The project aims to create a secure, replicable workspace (the “hub”) that will enable non-technical users - those working in galleries, libraries, archives and museums, and academics without any specialist technical expertise - to analyse cultural heritage data securely with AI tools. Cultural heritage data means data about the items held in cultural heritage collections. The most typical types of data are collections metadata (descriptions of items in collections) and digital images of collection items.

ArCH addresses the lack of a secure “sandpit” where AI tools can be used on cultural heritage datasets using workflows that are accessible to those with limited technical expertise. The hub’s infrastructure will be open source and built on internationally-recognised standards, ensuring that it can be reused, scaled, and further developed by others. Beyond the technical platform, ArCH is also fostering a community of practice, through events and workshops, to surface common challenges, and build confidence in the responsible use of AI for cultural heritage collections.

How does it tackle some of today’s major challenges when it comes to GLAM institutions (galleries, libraries, archives, and museums)?
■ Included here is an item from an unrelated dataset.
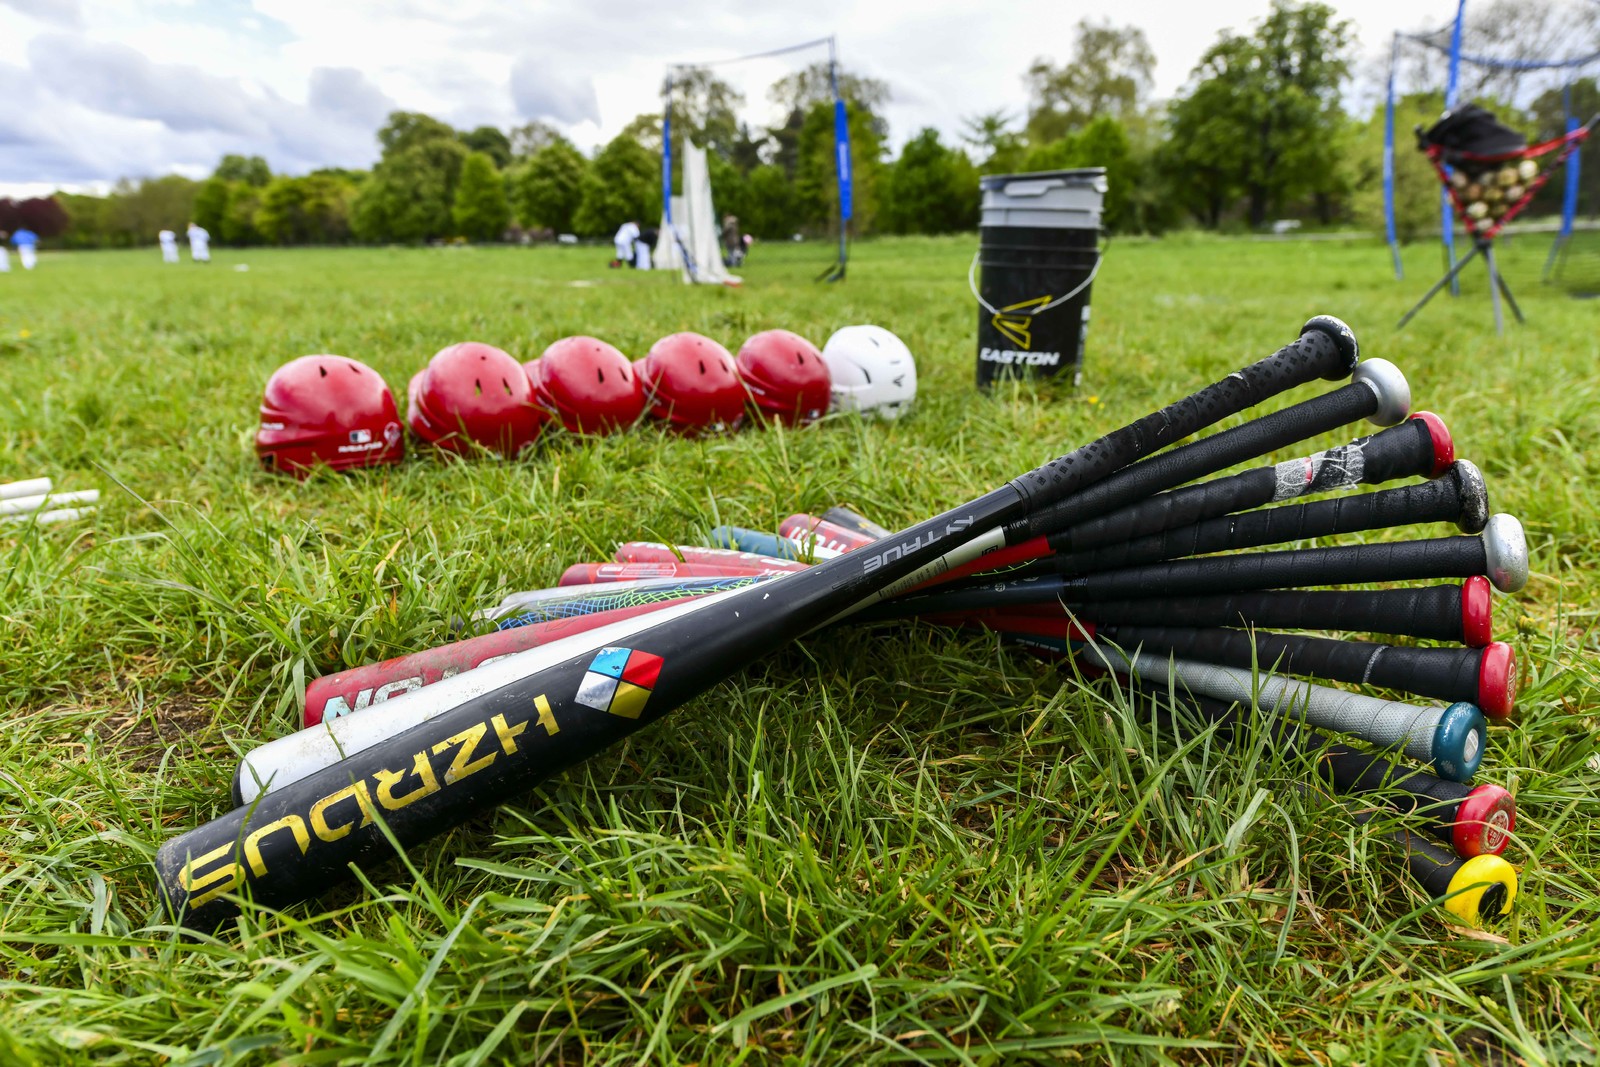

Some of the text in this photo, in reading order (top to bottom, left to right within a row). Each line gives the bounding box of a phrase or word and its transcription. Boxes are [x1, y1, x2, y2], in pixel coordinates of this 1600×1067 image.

[980, 347, 1060, 366] EASTON
[863, 530, 942, 575] TRUE
[178, 694, 560, 909] HZRDUS
Cultural heritage organisations around the world hold billions of items that remain inaccessible. While there are many reasons for this, one of the most fundamental is that vast numbers of items are simply not discoverable. In many cases, no publicly available descriptions exist, leaving objects effectively invisible to anyone outside the institutions that house them. Even when items are discoverable, they are often preserved in formats that are difficult to access or do not meet users’ needs. For example, a manuscript may need transcription or an artefact may survive only in thousands of fragments that are impossible for humans to piece together unaided.

ArCH is tackling the accessibility of collections by focusing on three core challenges.

Challenge 1 is unlocking inaccessible data by using AI transcription and computer vision tools on digitised documents. While transcription can be carried out manually, the vast scale of untranscribed material, and the time required to process it, far exceeds the staffing capacity of most cultural heritage organisations.
Challenge 2 is reconstructing fragmentary or dispersed cultural objects, enabling new insights into their form, meaning, and historical context.
Challenge 3 is embedding expert cultural knowledge into AI algorithms, drawing not only on academic expertise but also on the knowledge of practitioners and communities connected to the collections.

Are there any potential risks of using AI in the cultural heritage sector?

Our main concerns have been around quality control and reproducibility. AI-generated results can vary, and at scale these challenges become even more complex. Having “humans in the loop”, including cataloguers and curators alongside academics, is essential in addressing this and for validating outputs. In practice, AI is rarely able to deliver a complete or definitive answer to complex research questions. It works best when questions are broken down into smaller tasks and guided by expert knowledge and targeted testing.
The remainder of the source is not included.